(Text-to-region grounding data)
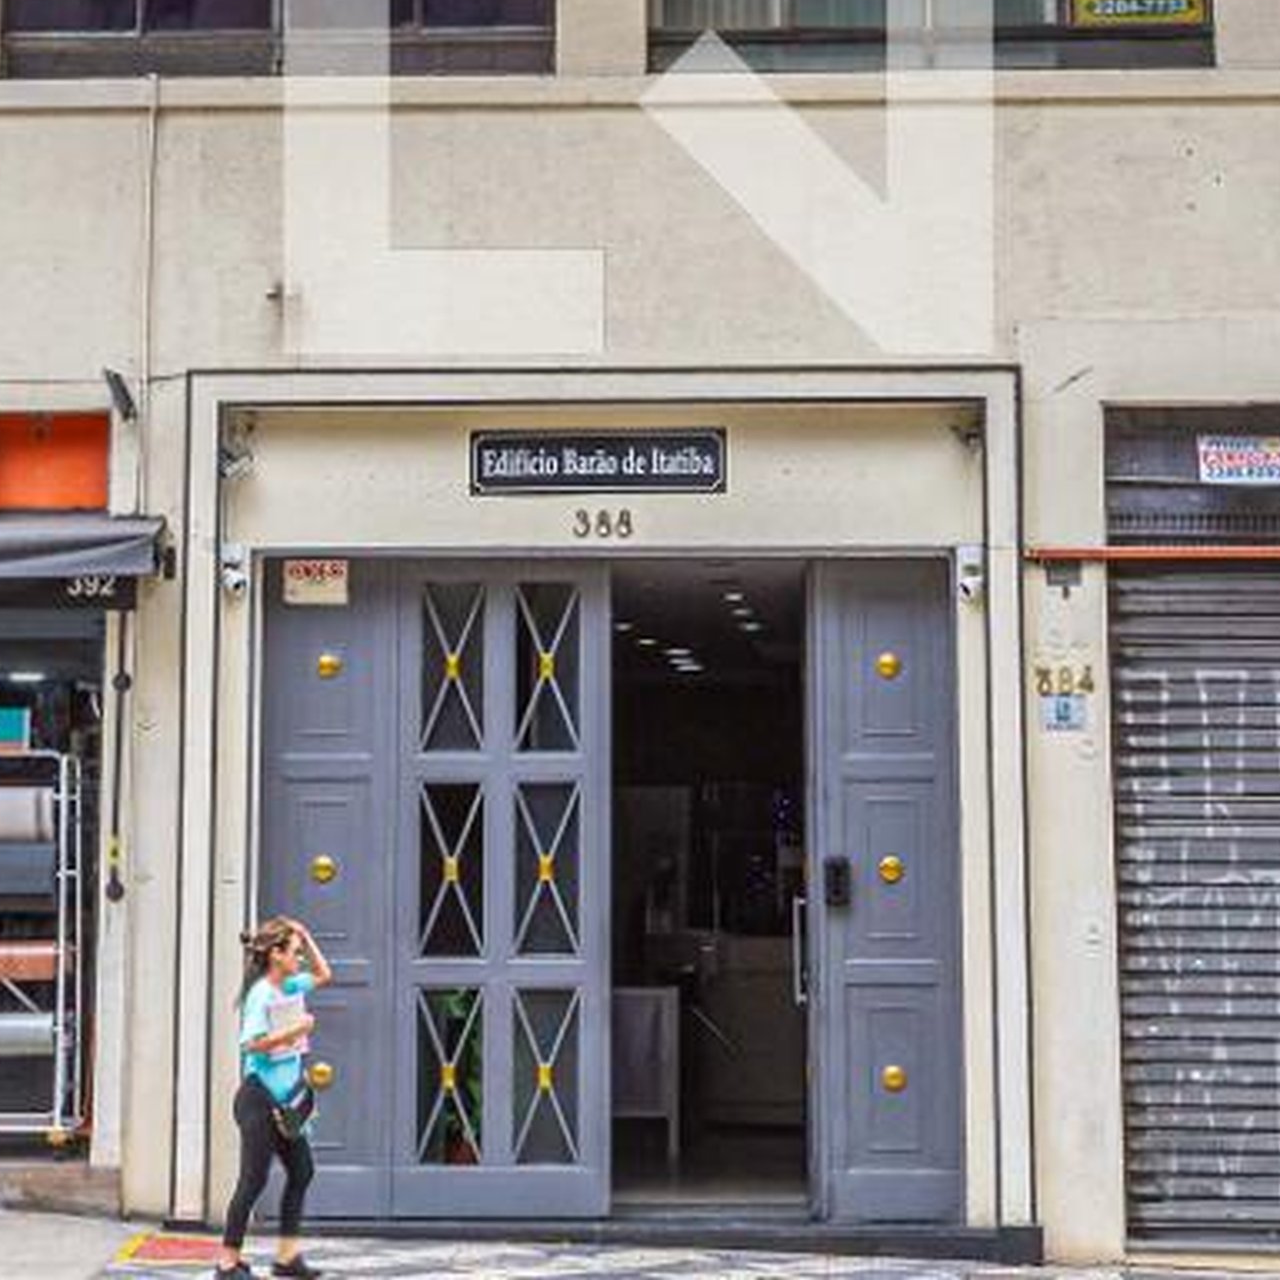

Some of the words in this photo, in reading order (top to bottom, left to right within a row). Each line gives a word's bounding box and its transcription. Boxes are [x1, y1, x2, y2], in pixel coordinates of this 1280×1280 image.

[562, 447, 618, 475] Barão
[622, 447, 647, 475] de
[651, 447, 715, 475] Itatiba
[572, 508, 633, 538] 388
[66, 572, 116, 598] 392

**TASK DIRECTIONS:** Reproduce the data above verbatim, minus any images.

**OUTPUT BELOW:**
Some of the words in this photo, in reading order (top to bottom, left to right within a row). Each line gives a word's bounding box and its transcription. Boxes are [x1, y1, x2, y2], in pixel coordinates of this 1280×1280 image.

[562, 447, 618, 475] Barão
[622, 447, 647, 475] de
[651, 447, 715, 475] Itatiba
[572, 508, 633, 538] 388
[66, 572, 116, 598] 392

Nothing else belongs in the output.